A prospective study examining cachexia predictors in patients with incurable cancer

Ola Magne Vagnildhaug, Cinzia Brunelli, Marianne J Hjermstad, Florian Strasser, Vickie Baracos, Andrew Wilcock, Maria Nabal, Stein Kaasa, Barry Laird, Tora S Solheim, Ola Magne Vagnildhaug, Cinzia Brunelli, Marianne J Hjermstad, Florian Strasser, Vickie Baracos, Andrew Wilcock, Maria Nabal, Stein Kaasa, Barry Laird, Tora S Solheim

Abstract

Background: Early intervention against cachexia necessitates a predictive model. The aims of this study were to identify predictors of cachexia development and to create and evaluate accuracy of a predictive model based on these predictors.

Methods: A secondary analysis of a prospective, observational, multicentre study was conducted. Patients, who attended a palliative care programme, had incurable cancer and did not have cachexia at baseline, were amenable to the analysis. Cachexia was defined as weight loss (WL) > 5% (6 months) or WL > 2% and body mass index< 20 kg/m2. Clinical and demographic markers were evaluated as possible predictors with Cox analysis. A classification and regression tree analysis was used to create a model based on optimal combinations and cut-offs of significant predictors for cachexia development, and accuracy was evaluated with a calibration plot, Harrell's c-statistic and receiver operating characteristic curve analysis.

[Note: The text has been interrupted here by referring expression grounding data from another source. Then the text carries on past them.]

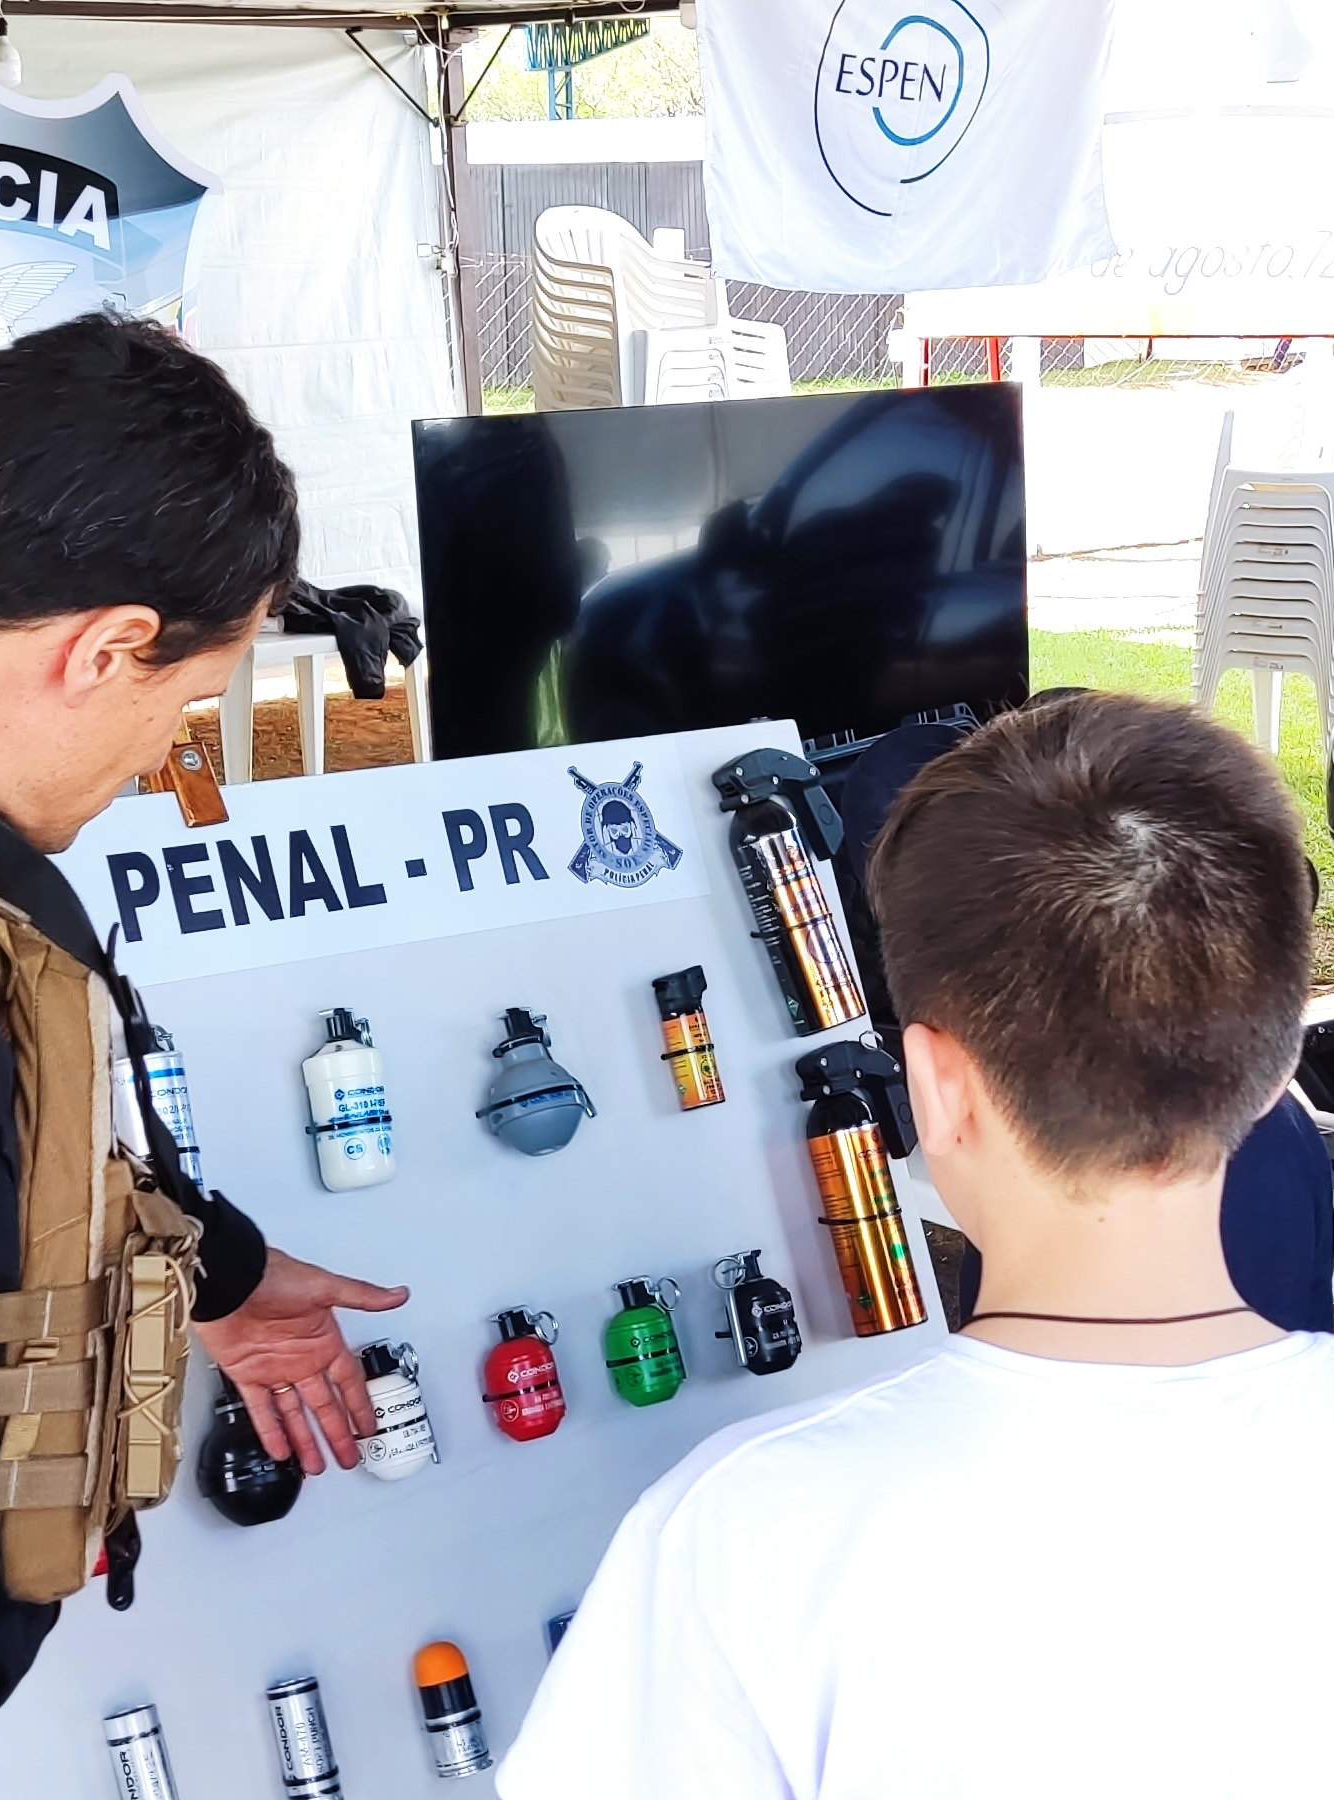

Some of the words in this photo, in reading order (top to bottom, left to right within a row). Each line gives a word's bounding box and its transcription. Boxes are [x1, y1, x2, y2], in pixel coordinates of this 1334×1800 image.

[835, 53, 947, 103] ESPEN
[105, 824, 388, 943] PENAL
[405, 858, 428, 878] -
[441, 802, 551, 892] PR
[275, 1706, 293, 1771] CONDOR

Results: Six-hundred-twenty-eight patients were included in the analysis. Median age was 65 years (IQR 17), 359(57%) were female and median Karnofsky performance status was 70(IQR 10). Median follow-up was 109 days (IQR 108), and 159 (25%) patients developed cachexia. Initial WL, cancer type, appetite and chronic obstructive pulmonary disease were significant predictors (p ≤ 0.04). A five-level model was created with each level carrying an increasing risk of cachexia development. For Risk-level 1-patients (WL < 3%, breast or hematologic cancer and no or little appetite loss), median time to cachexia development was not reached, while Risk-level 5-patients (WL 3-5%) had a median time to cachexia development of 51 days. Accuracy of cachexia predictions at 3 months was 76%.

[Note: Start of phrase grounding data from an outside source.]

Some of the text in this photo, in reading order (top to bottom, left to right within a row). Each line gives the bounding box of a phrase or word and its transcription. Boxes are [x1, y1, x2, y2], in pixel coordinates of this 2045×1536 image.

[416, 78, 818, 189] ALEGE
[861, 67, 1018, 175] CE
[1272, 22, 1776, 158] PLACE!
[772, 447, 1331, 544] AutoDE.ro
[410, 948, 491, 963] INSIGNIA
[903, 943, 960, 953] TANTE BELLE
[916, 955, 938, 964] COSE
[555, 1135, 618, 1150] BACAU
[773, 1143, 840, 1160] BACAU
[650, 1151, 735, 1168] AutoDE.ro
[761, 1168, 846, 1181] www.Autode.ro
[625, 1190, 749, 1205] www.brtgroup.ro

Conclusion: Important predictors of cachexia have been identified and used to construct a predictive model of cancer cachexia.

Trial registration: ClinicalTrials.gov Identifier: NCT01362816 .

Keywords: Cachexia; Cancer; Palliative care; Pre-cachexia; Weight loss.

Conflict of interest statement

BL has received honoraria from Helsinn.

FS has had punctual advisorships (boards, expert meetings) for Danone, Grünenthal, Helsinn, ISIS Global, Mundipharma, Novartis, Novelpharm, Obexia, Ono Pharmaceutical, Psioxus Therapeutics, PrIME Oncology, Sunstone Captial, Vifor. On behalf of his institution, he has received unrestricted industry grants for clinical research from Celgene, Fresenius and Helsinn. He has participated in a clinical cachexia trial lead by Novartis.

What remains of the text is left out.